Given the recent bush fires in Australia, concerns about the long-term effects of climate change are naturally high. With slow action from those in power, people are impatient for any progress towards a more sustainable and greener global economy. Fortunately, the catalyst for such a business may be blockchain technology.
Blockchain and cryptocurrencies have taken more than 10 years to mature. Even if little has changed in terms of internal functioning, people’s perception of them has changed. They are no longer considered an investment for gamblers and only a trend that will disappear in a few months. Bitcoin, Ethereum, Litecoin, Bitcoin Cash and many others have long struggled for their survival. The mere fact that these cryptocurrencies are still alive and thriving is sufficient proof that they are here to stay and be a viable alternative to the financial system.
Cryptocurrencies – the financial and green alternative
Cryptocurrencies have successfully established themselves as an asset class for holding and transferring value over the past decade. There is another incentive for global adoption: the green economy. Although cryptocurrencies have been criticized for their energy consumption, the situation has only been examined unilaterally. The power that cryptocurrencies demand has been greatly exaggerated and the sources have not looked at the energy consumption of the traditional Bitcoin alternative – the banking industry.

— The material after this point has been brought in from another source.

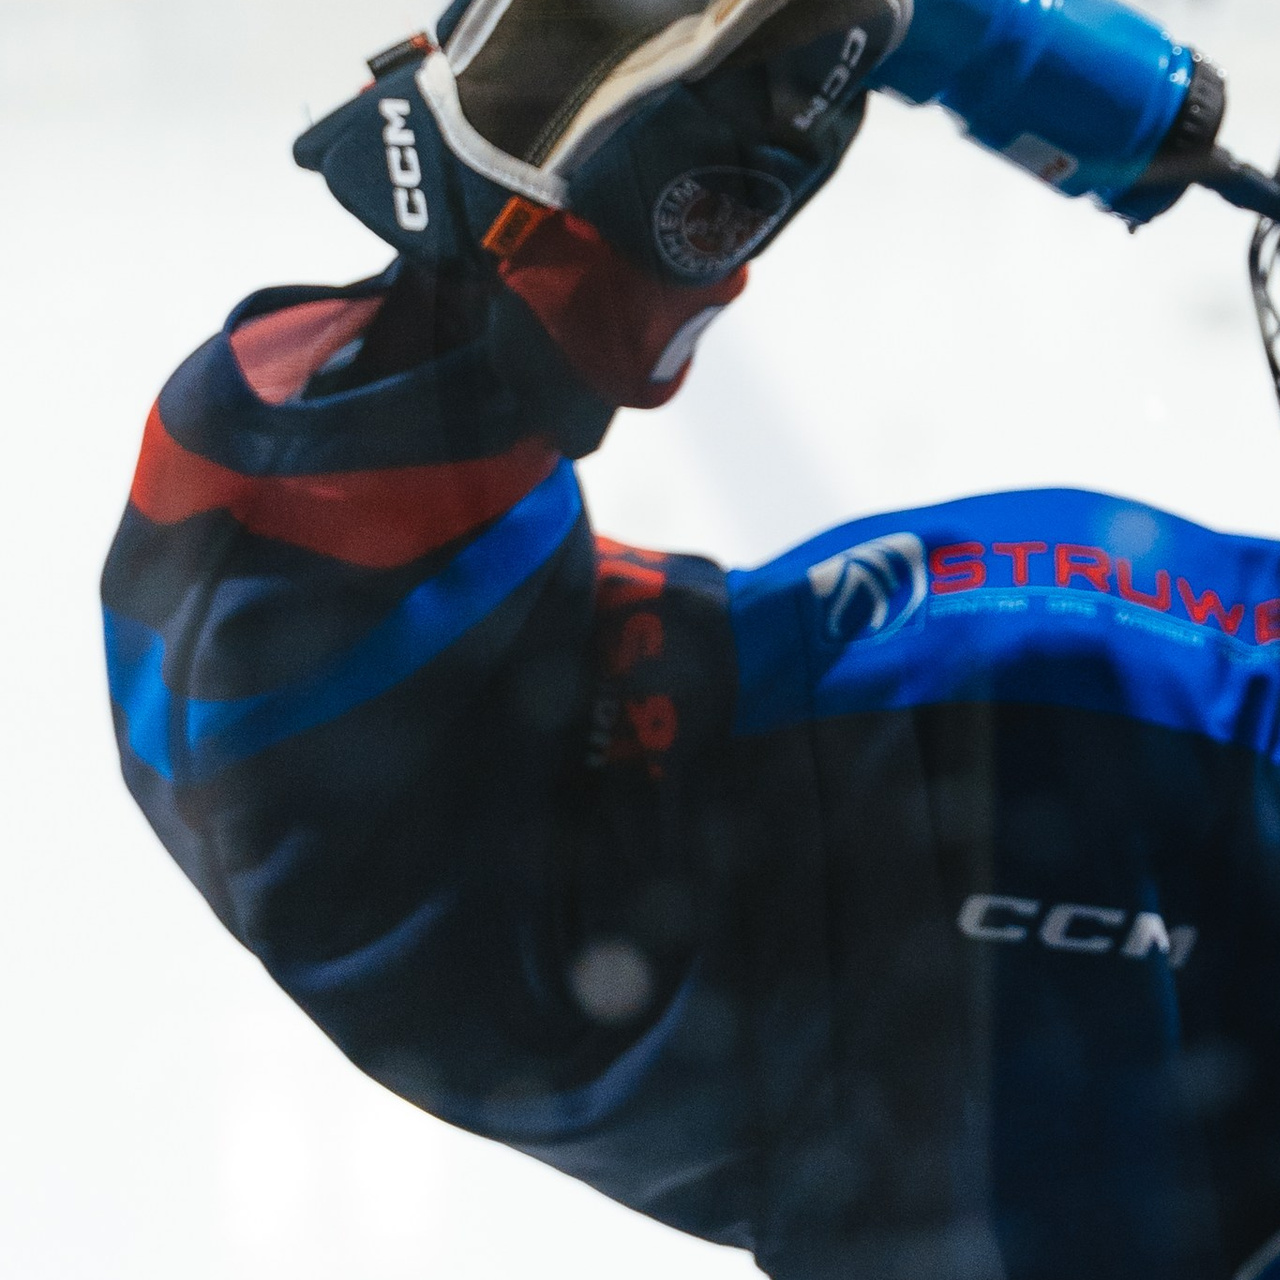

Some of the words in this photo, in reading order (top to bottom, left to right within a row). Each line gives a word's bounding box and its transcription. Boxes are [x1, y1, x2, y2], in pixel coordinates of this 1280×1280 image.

[794, 26, 868, 131] CCM
[378, 97, 429, 231] CCM
[957, 893, 1198, 968] CCM

The banks have indirect and direct ecological effects. The industry has not only channeled massive funding to the petroleum and coal mining industries, but it also manages thousands of buildings around the world, each with its own carbon footprint, which is not sustainable . But let’s forget the first ones and focus on their use of electricity.
Banks vs Crypto
In a very detailed analysis of the energy cost of the current banking system, Bitcoin used 28.67 TWh in 2017, which is at least 3 times less than what the banks needed to power their operations. Furthermore, according to the Cambridge Bitcoin Electricity Consumption Index, or CBECI, Bitcoin could be powered entirely by the same amount of energy wasted by electronic devices operating unnecessarily in the United States only. The same study mentions that the energy produced worldwide by solar, wind and other renewable sources is enough to power Bitcoin 20 times.
What is unique with cryptocurrencies is that they can run entirely on green energy. Replacing a mining farm’s power source with a green energy source significantly reduces its carbon footprint. On the other hand, banks rely on people and processes that are immensely more complicated and would involve considerable effort to make them truly green.
Reality – no science fiction
The good news is that mining operations powered by 100% clean energy are not science fiction. For example, Genesis Mining, the world’s largest cloud mining company, has installed facilities in Iceland, operating entirely on thermal energy and in Sweden – hydroelectricity.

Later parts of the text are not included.